Hvci Bypass -

: Advanced exploits (like CVE-2024-21305) have targeted vulnerabilities in UEFI or CPU-level features (e.g., VT-d) to map Guest Physical Addresses (GPA)

To understand how an HVCI bypass operates, you must first understand the architecture it is designed to circumvent.

In the ever-evolving landscape of Windows security, few defenses have raised the bar as high as . Introduced with Windows 10 and 1803 (and later made mandatory for certain features in Windows 11), HVCI—often referred to as "Memory Integrity" in the Windows Security UI—is a virtualization-based security (VBS) feature that fundamentally changes how kernel memory is protected.

Because the driver is legitimately signed, HVCI validates it and allows it to load. The attacker then leverages the driver’s internal flaws to manipulate kernel structures, manipulate data parameters, or hijack existing, legitimate execution flows already approved by HVCI. Vector B: Data-Only Attacks (DKOM)

Toggle to "On" (or "Off" if you are troubleshooting a crash). 2. The Registry "Bypass" Hvci Bypass

An isolated environment running a minimal "Secure Kernel" ( securekernel.exe ) and isolated user-mode applications (Trustlets). HVCI lives inside VTL 1. Second-Level Address Translation (SLAT)

The exploit chain Brine (CVE-2020-17087 & CVE-2020-1054) used a pool overflow to achieve arbitrary write and then patched the CI flag. This was a classic logical HVCI bypass.
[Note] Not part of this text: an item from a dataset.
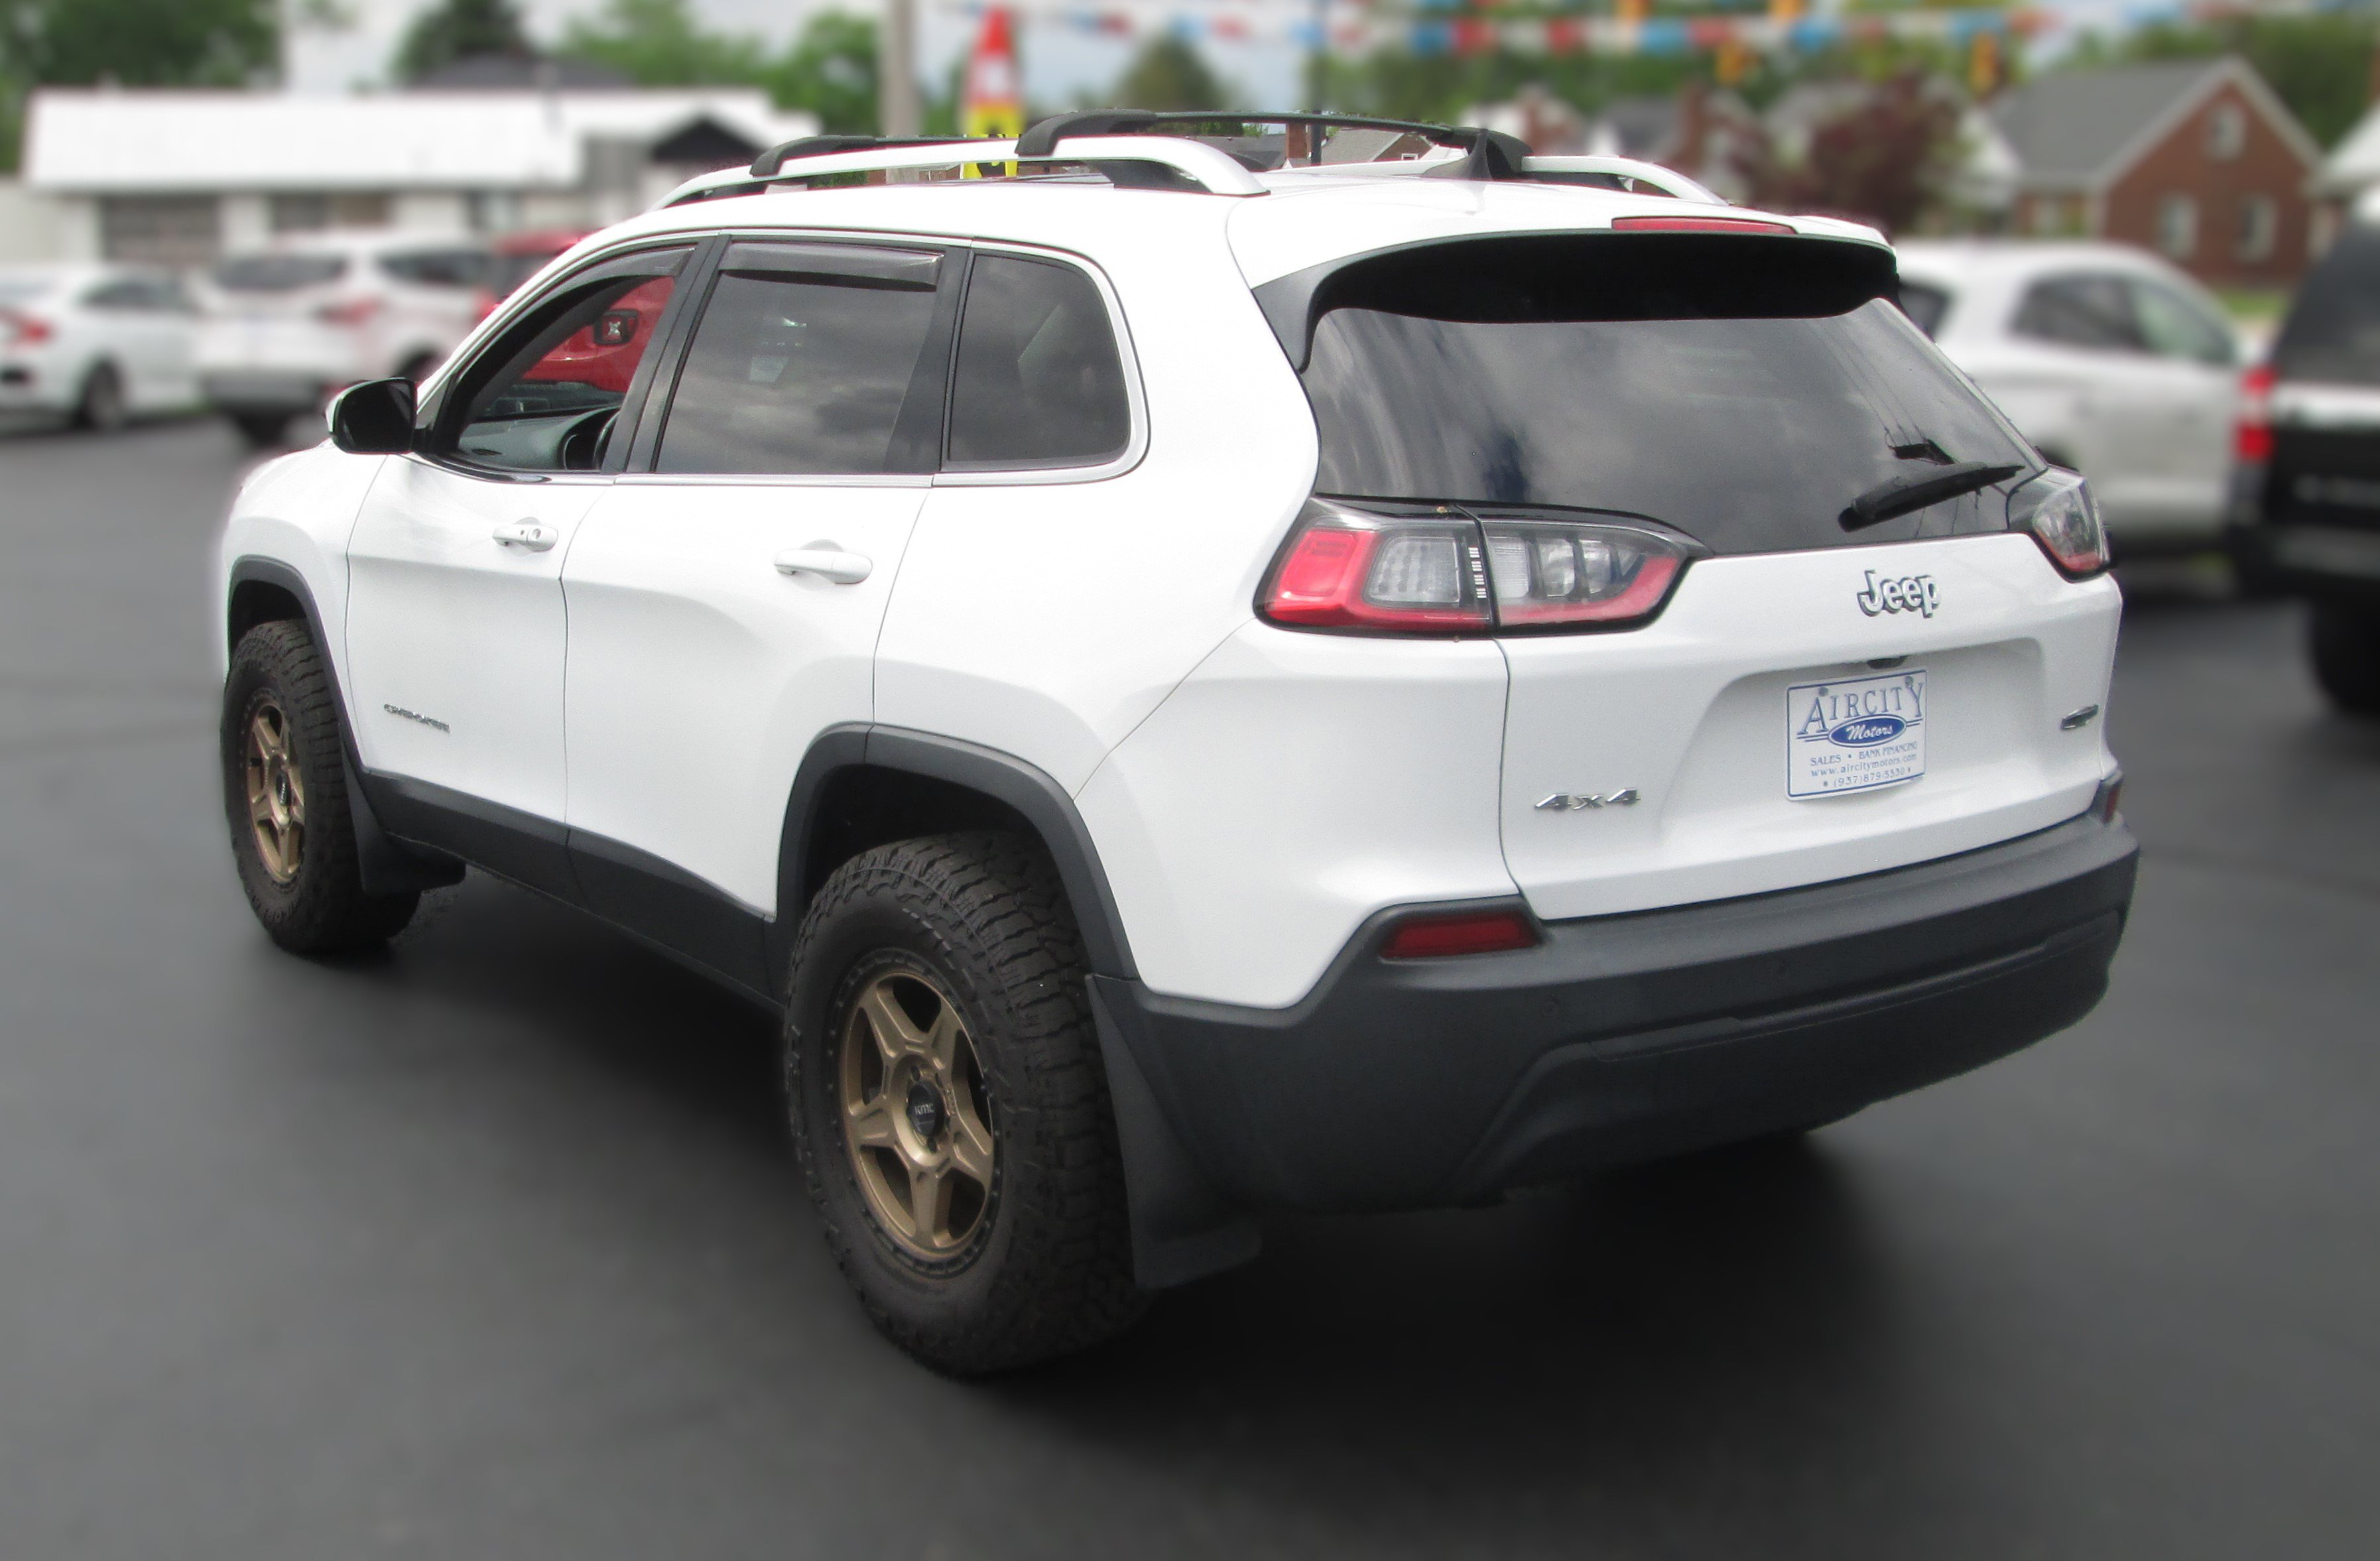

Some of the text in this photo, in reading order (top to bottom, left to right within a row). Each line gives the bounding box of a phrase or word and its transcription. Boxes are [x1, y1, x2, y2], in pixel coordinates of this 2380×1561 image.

Historically, gaining kernel-mode execution meant an attacker could execute arbitrary payload shellcode. HVCI breaks this paradigm. Because of this, the concept of an has become a highly sought-after capability for advanced threat actors, rootkit developers, and security researchers. 1. The Core Architecture of HVCI

If the race is won, the CPU executes code from a page the hypervisor believed was data. This is highly timing-dependent and notoriously unreliable, but on single-core VMs or systems with weak hypervisor scheduling, it is plausible. Because the driver is legitimately signed, HVCI validates

An "HVCI bypass" does not typically imply breaking the hypervisor's underlying cryptography. Instead, it involves finding architectural logical gaps, exploiting trusted software, or manipulating execution flows to run unauthorized logic within kernel space.

HVCI also remaps kernel memory. Code sections become read-only at the hypervisor level, and data sections become non-executable. Even if an attacker corrupts a page table entry (PTE), the hypervisor’s shadow page tables will override the request, causing a #GP (General Protection Fault) or a VBS violation.

: A page can never be Writable and Executable at the same time. This prevents an attacker from writing shellcode into a page and then running it.

HVCI strictly enforces the paradigm across all kernel memory. Under HVCI: Memory pages can be writable. Memory pages can be executable. No page can be both writable and executable simultaneously. HVCI is silent. ).

Bypasses can also occur at a layer deeper than the hypervisor, such as the System Management Mode (SMM).

Some commercial tools (e.g., for red teams) advertise "HVCI bypass" as a feature to test defenses. Example features:

This is a . Since no page becomes executable that wasn’t already executable, and no code is written to a writable page, HVCI is silent.

). Kernel memory pages are either writable or executable, never both at the same time. This prevents attackers from writing malicious code to a memory page and then executing it.